Of course, as an election looms, not even Ontarians are being deprived of goodies. At the end of April, the government announced 72 projects in one week--including $100 million for what the Star called "the strange, Winnipeg-centred, Canadian Museum of Human Rights," but also $25 million for a centre for Toronto's International Film Festival and $7.8 million for the revitalization of Toronto's waterfront. There is a long list of other awards to Ontario centres, awards not unconnected--as James Travers put it in the Star--to the urgent need for the Liberals to win seats in the province that decides federal elections.

While the Globe was praising Martin for marshalling all the resources of government to get to the bottom of the sponsorship scandal, the National Post's Don Martin was describing the delight of opposition MPs as Chretien confidant Warren Kinsella told how the Prime Minister's circle of friends were involved in shady dealings with Earnscliffe Research, a lobbying firm with long-standing ties to the former finance minister's department. This was the first direct implication that Martin's inner circle was involved in contract manipulation and cost inflation. Don Martin conceded that Kinsella's testimony could be taken with a shaker of partisan salt since he is a bitter enemy of Paul Martin. Yet he was probably right to conclude that "watching Liberals devour each other live on television merely confirms this party is a bitterly divided shell of its former dynasty." Everything Martin is releasing now is being viewed as an obvious casualty in the election. "Bills are languishing in committees and public service union leaders are lamenting the end of proactive policy, resigning themselves to another year in political limbo." In other words, the spring election has almost become a procedural necessity to get a derailed parliament back on track in the fall.

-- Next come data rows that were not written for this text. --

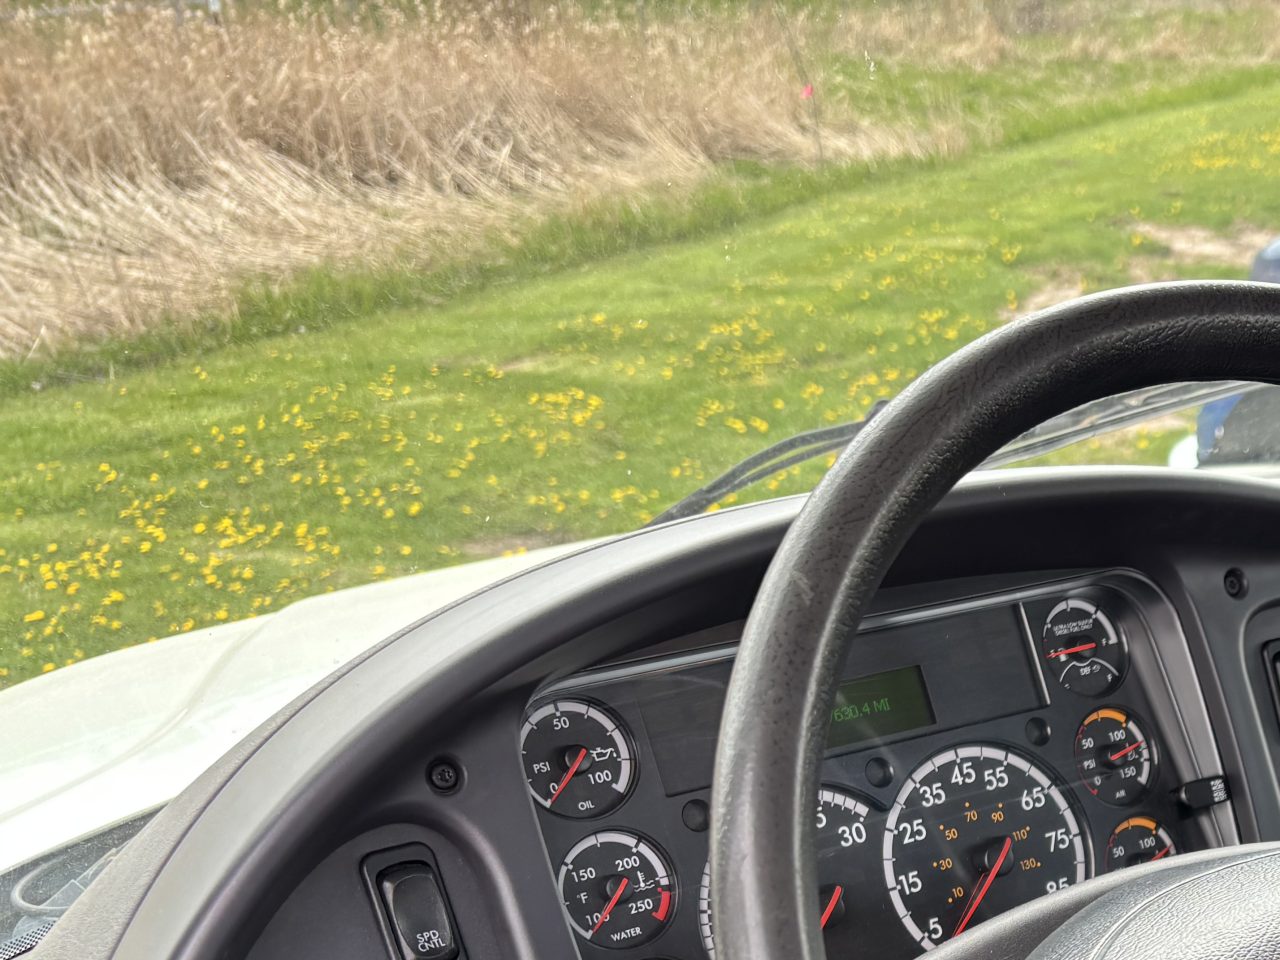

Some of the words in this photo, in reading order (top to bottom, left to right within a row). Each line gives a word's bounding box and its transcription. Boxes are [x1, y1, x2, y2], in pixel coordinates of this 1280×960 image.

[553, 717, 570, 730] 50
[1108, 729, 1126, 743] 100
[1081, 738, 1094, 750] 50
[533, 761, 551, 774] PSI
[1083, 760, 1096, 771] PSI
[588, 769, 612, 785] 100
[951, 762, 976, 786] 45
[984, 766, 1009, 791] 55
[1120, 766, 1137, 779] 150
[549, 782, 559, 794] 0
[919, 783, 946, 807] 35
[1021, 787, 1046, 811] 65
[578, 800, 595, 811] OIL
[964, 810, 978, 822] 70
[991, 810, 1004, 823] 90
[838, 822, 867, 847] 30
[899, 819, 927, 845] 25
[945, 828, 958, 841] 50
[1012, 830, 1028, 842] 110
[1045, 828, 1070, 853] 75
[1139, 837, 1156, 850] 100
[1113, 846, 1125, 858] 50
[615, 856, 640, 872] 200
[939, 858, 953, 871] 30
[1020, 858, 1036, 871] 130
[571, 867, 596, 882] 150
[899, 870, 923, 896] 15
[952, 886, 964, 898] 10
[629, 898, 653, 915] 250
[611, 927, 642, 942] WATER
[929, 917, 943, 939] 5
[416, 930, 439, 943] SPD
[418, 937, 446, 952] CNTL

Paul Martin as a Man of Action

Link Byfield reported that during the Rally for Marriage on Parliament Hill April 9 a young boy kept circulating, provoking laughter and applause with a sign which read "Paul Martin: Catholic by name--Hypocrite by choice." Many reporters were appalled at the Liberals' sleazy attempt to cling to power by letting the NDP decide what should and should not be in the federal budget. Terence Corcoran in the Post was reminded of Pierre Trudeau's description of this party as "seagulls, squawking and squealing above the ship of state and pretending."

Other commentators began to produce whole lists of promises Martin had made but not carried out. Conservative M.P. Brian Palliser said he "claims he wants to get to the bottom of the sponsorship scandal but continually digs with a plastic shovel." His biographer John Gray states that the qualities which made Paul Martin a successful businessman and a brilliant finance minister are not the qualities of a great prime minister; and that now he gives the impression of a desperate man on a high wire who suddenly realized that in the big job there is no safety net."

But the main objection to his staying in office is that suggested by the boy carrying the placard. As Michael Coren wrote in the Toronto Sun on April 16: Paul Martin has no right to govern at all. If anything ... he has a moral duty to resign and ask the Canadian people whom they would like to act as a leader in his stead. "Let our rulers have green skin, three heads, and be from Pluto for all I care. But let them be honest and true. And moral."

If he had possessed greater integrity, Martin would not have pressed the claims of homosexuals the way he did. He made it seem that the Charter obliged him to pass legislation revoking the common understanding of marriage and legitimizing same-sex "marriage." In an expert opinion delivered at the end of April, constitutional lawyer Eugene Meehan pointed out that the Supreme Court had not required Parliament to amend the traditional definition of marriage, nor has "gay" marriage received protection under the Charter. Also, when Martin and the Minister of Justice claim that religious ministers who do not want to perform same-sex ceremonies would have federal protection, their views were completely misleading: the provinces, not the federal government, have jurisdiction in such matters.

David Dooley is an associate editor of Catholic Insight. He is English Professor Emeritus of Saint Michael's College of the University of Toronto.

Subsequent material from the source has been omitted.